§ **Annotated photo localization data**
_____
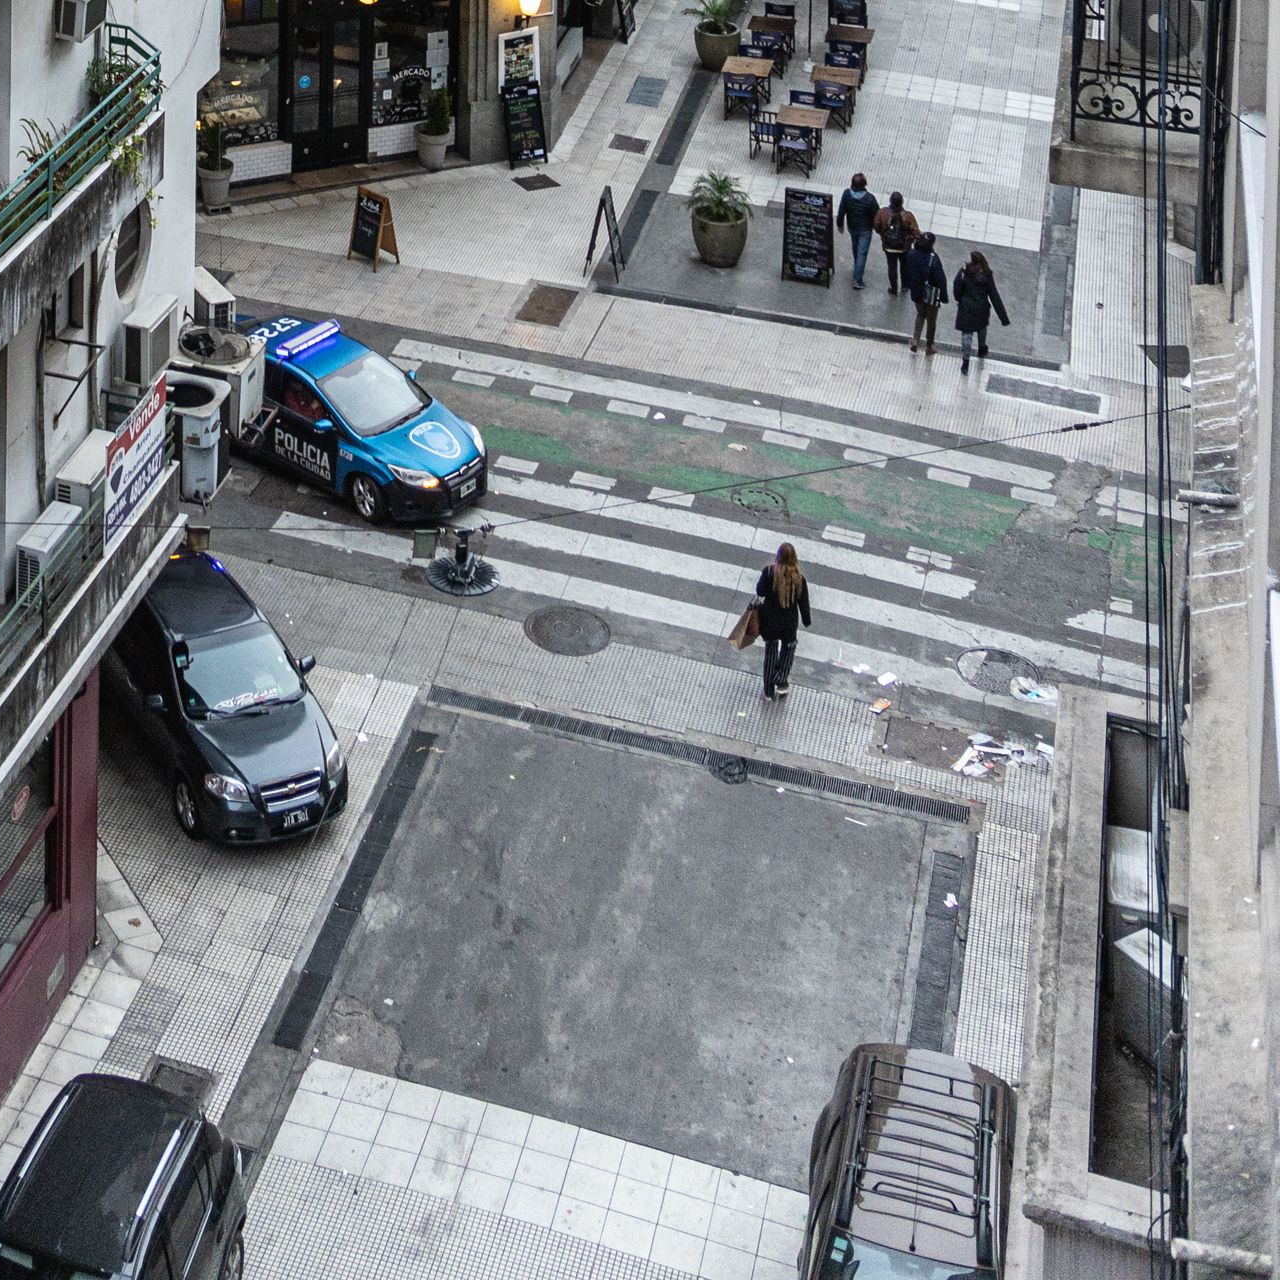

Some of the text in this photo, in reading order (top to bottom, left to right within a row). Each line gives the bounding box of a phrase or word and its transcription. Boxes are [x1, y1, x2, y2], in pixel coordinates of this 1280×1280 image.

[392, 65, 430, 83] MERCADO
[213, 93, 254, 110] MERCADO
[129, 391, 160, 441] Vende
[274, 427, 331, 471] POLICIA
[275, 444, 332, 482] DE LA CIUDAD
_____
Full transcription without images: please go through the records and repeat them exactly.

Some of the text in this photo, in reading order (top to bottom, left to right within a row). Each line gives the bounding box of a phrase or word and its transcription. Boxes are [x1, y1, x2, y2], in pixel coordinates of this 1280×1280 image.

[392, 65, 430, 83] MERCADO
[213, 93, 254, 110] MERCADO
[129, 391, 160, 441] Vende
[274, 427, 331, 471] POLICIA
[275, 444, 332, 482] DE LA CIUDAD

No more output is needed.